Donkey work: Equines play crucial role in waste management

A typical donkey cart waste management team.
A typical donkey cart waste management team.

Donkeys and their owners have taken on the responsibility of collecting more than half of the rubbish in a city in Pakistan, with only 40% of the city’s waste collected by the authorities, a study has found.

And this waste collection, in the Jamali Goth neighbourhood of Pakistan’s largest city, Karachi, was the primary source of income for 89% of donkey owners interviewed.

The research was carried out by global animal welfare charity Brooke, identifying the vital link between the welfare of cart donkeys working in waste management and the livelihoods of their owners.

When asked what would happen if their donkey died, 83% said they would have to buy another donkey or, with no other means of earning a living, face starvation.

Waste collection was the primary source of income for 89% of donkey owners interviewed. © Brooke/Freya Dowson

Pakistan has the third largest donkey population in the world, with about 5.8 million working equids in total. Throughout Karachi, donkey carts are abundant; they are used in the transportation of building materials and fresh produce as well as for garbage removal.

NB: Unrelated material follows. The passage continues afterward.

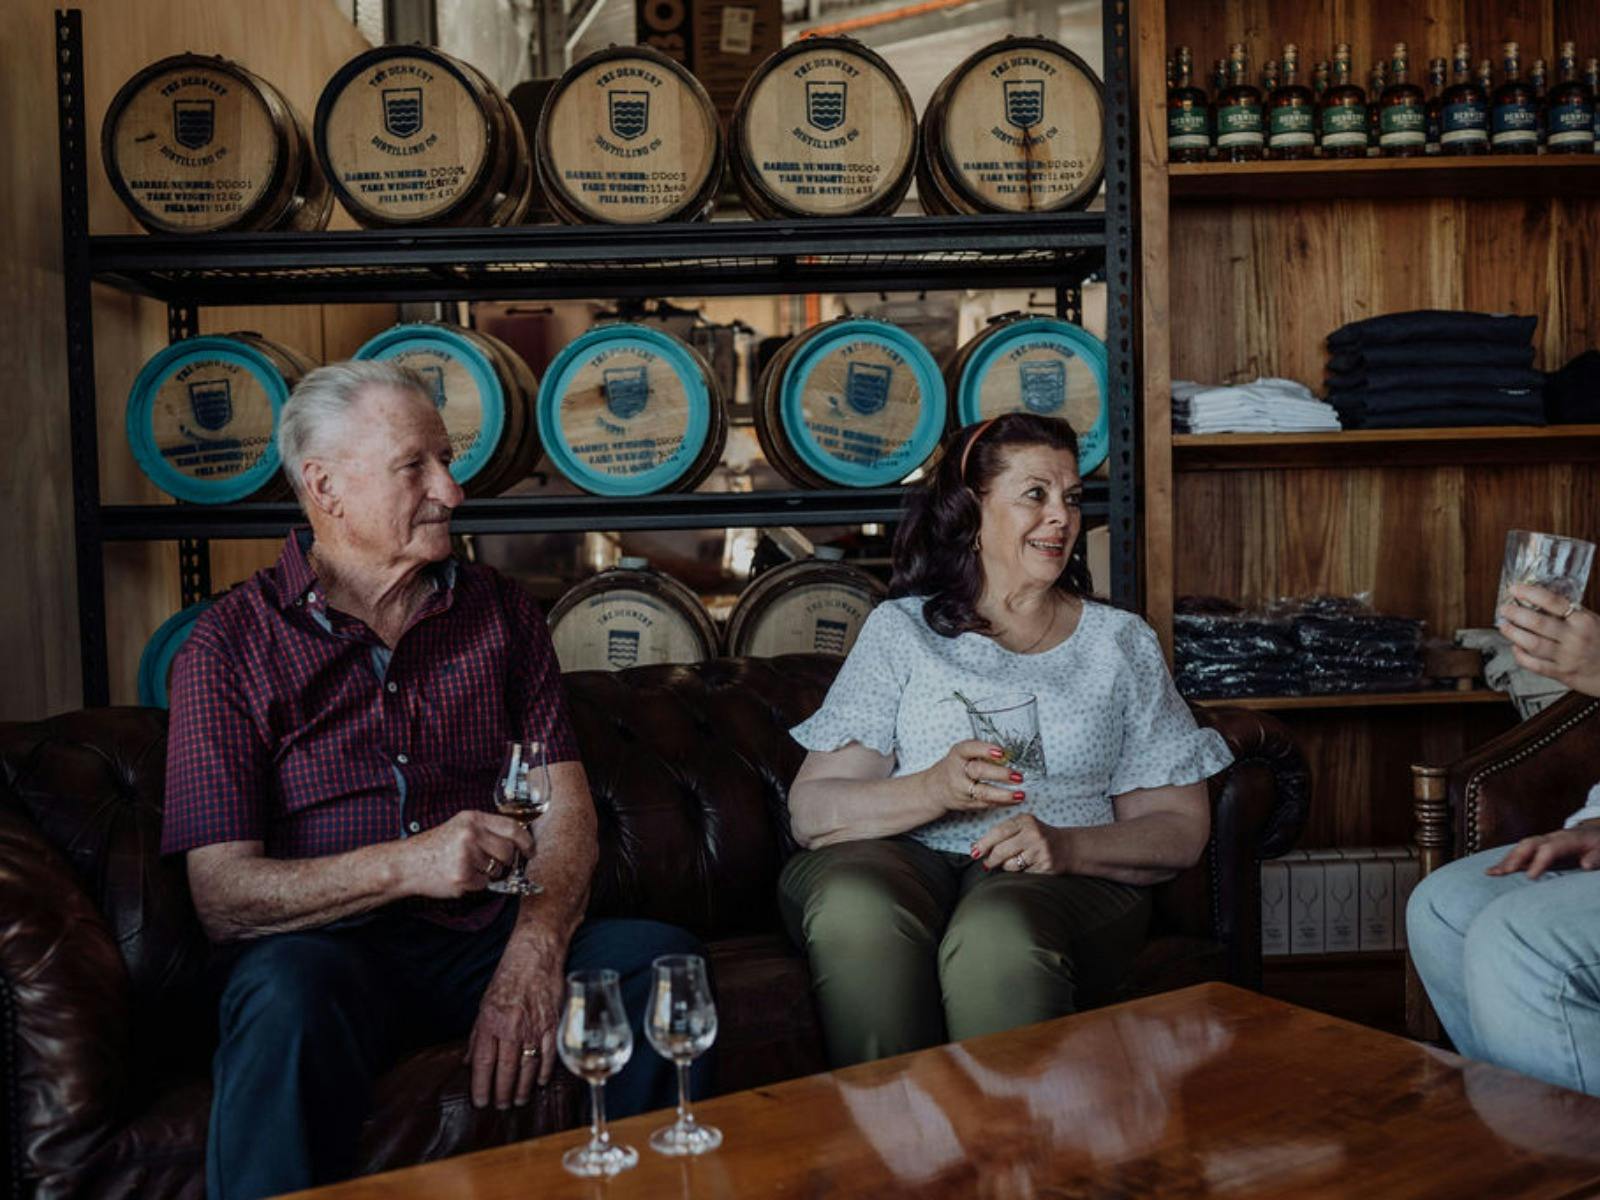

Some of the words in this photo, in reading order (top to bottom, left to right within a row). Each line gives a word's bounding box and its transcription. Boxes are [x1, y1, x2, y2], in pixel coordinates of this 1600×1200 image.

Brooke, which has operated in the country since 1991, works with the government, local policy makers, communities and owners to bring positive change to the lives of these animals and the people who depend on them.

Karachi is home to more than 24 million people, who produce 4.9 million tons of waste annually. As with all major cities in Pakistan, the current methods for solid waste management are inadequate, leaving livelihood opportunities for private ‘waste pickers’ who use their donkeys to collect waste from houses and take it to the dump. In fact, Brooke’s study found that only 40% of the city’s waste was collected by the authorities.

Donkeys used by waste pickers often had health and welfare problems. Brooke/Freya Dowson
Donkeys used by waste pickers often had health and welfare problems. © Brooke/Freya Dowson

The study found that the average income for such waste pickers was 7000 rupees (£78) per month. Community members who were interviewed believed that if cart donkeys stopped collecting waste there would be a large build-up, demonstrating the community’s reliance on the donkeys and their owners to carry out this vital work.

This heavy reliance has an impact on the welfare of animals carrying out the work. After assessing more than 200 donkeys, the research team identified health and welfare problems including eye infections, lesions, muzzle mutilations (78.4%), lameness and low body condition scores. Some 66.7% of donkeys had superficial knee lesions.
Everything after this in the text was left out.